Divemaster and swim-through queen Ruth giving a briefing.
Diving the reef. *
Diver diver, are you okay? Most definitely!

I put together a quick video with a mash-up of some of my favorite moments from my dives. While we did see big stuff like reef sharks, spotted eagle rays, and turtles, I really like normal reefy creatures so that is what I put in my video. My very favorite is the sharpnose pufferfish (the hummingbird of the sea)! As you’ll see, I also adore barrel sponges. Yes, I’m a little weird.

My favorite: sharpnose pufferfish! *

Surface intervals are also a special daily occasion at Huracan. When diving out at Hat Caye or Half Moon Caye you can take your fruit or candy bar snack and go ashore to explore the islands. When diving just off Long Caye, the boat returns home to freshly baked treats waiting at the lodge.
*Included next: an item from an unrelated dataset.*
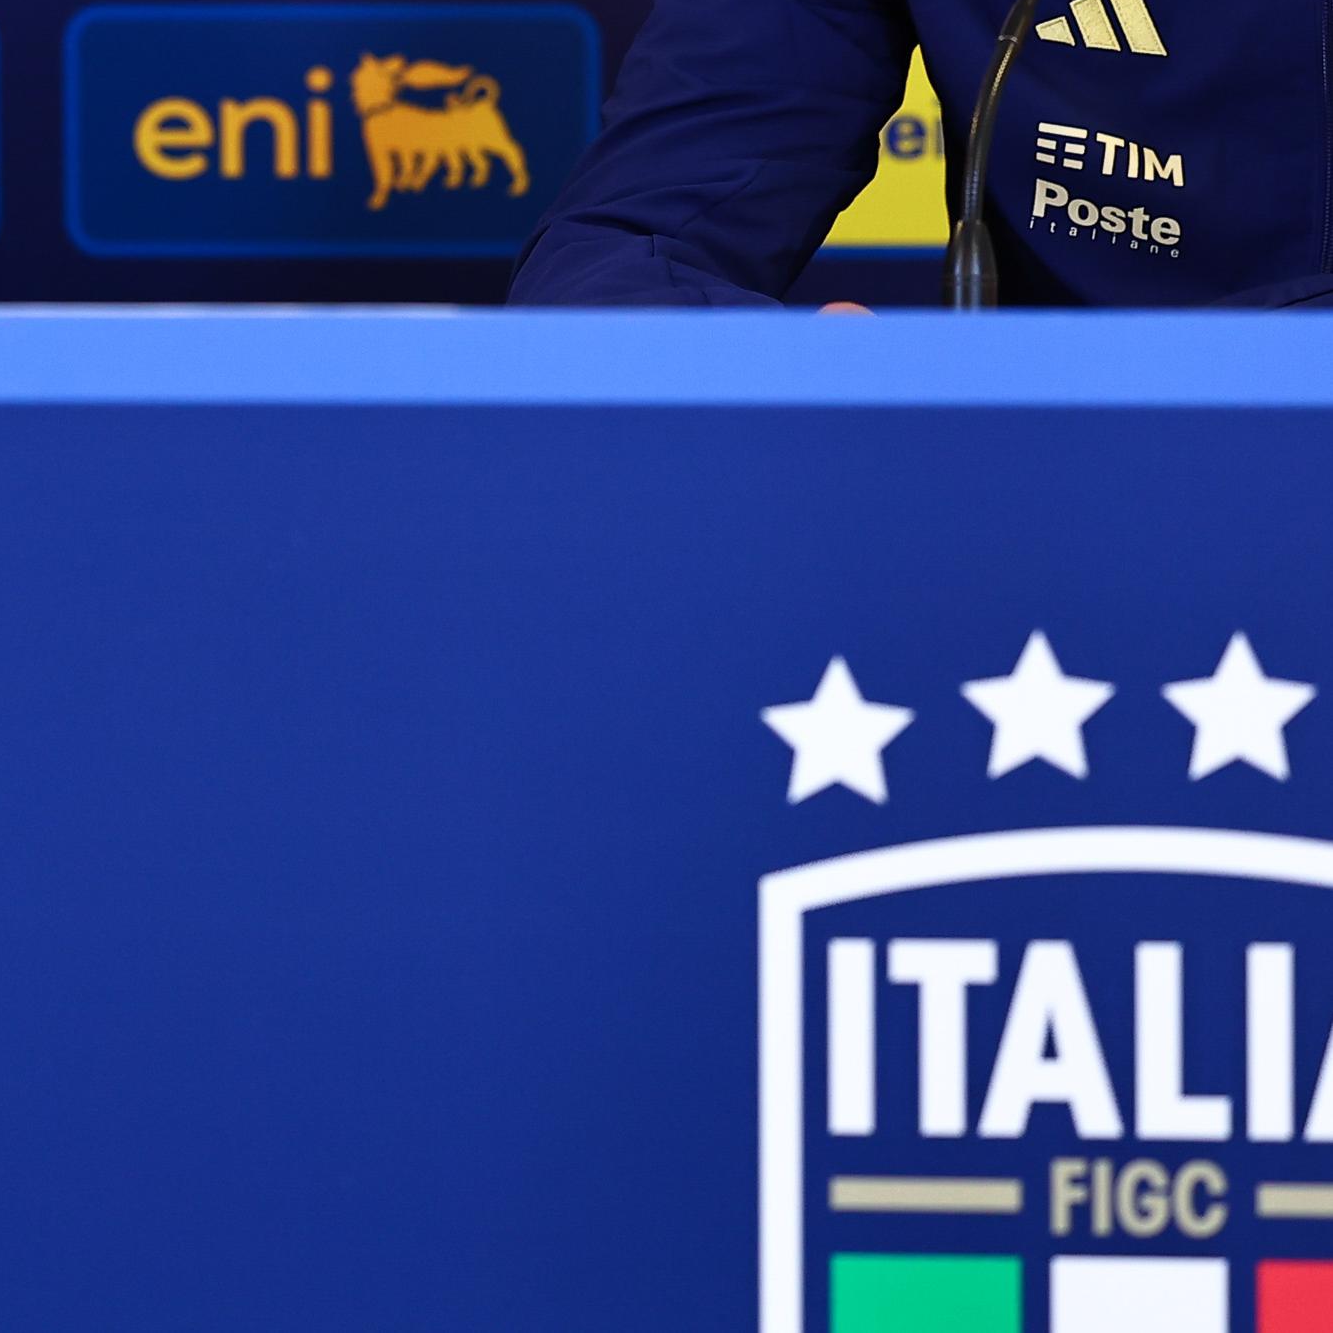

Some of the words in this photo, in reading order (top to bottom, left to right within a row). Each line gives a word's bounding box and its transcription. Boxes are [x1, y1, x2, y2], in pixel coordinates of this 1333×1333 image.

A gorgeous arrival on Half Moon Caye.
The red-footed booby in his natural–and only–habitat on Half Moon Caye.
The old Half Moon Caye lighthouse, slowly being claimed by the sea.

The remote location and “go slow” island rhythm of life can easily lead to a pattern: eat, sleep, dive. But I didn’t stop there. There are a bunch of other things to do! Ryan was my ready willing and able tour guide and fun partner. We kayaked, snorkeled, biked, and last but not least he taught me the basics of kiteboarding–his specialty. Check out the video below for some of the highlights. Included is a sequence I like to call “Erin the Christmas tree worm TERRORIZER!”. 😛

Biking the boardwalk over the mangroves that make up the majority of the island.

Fishermen off the west dock on a calm evening.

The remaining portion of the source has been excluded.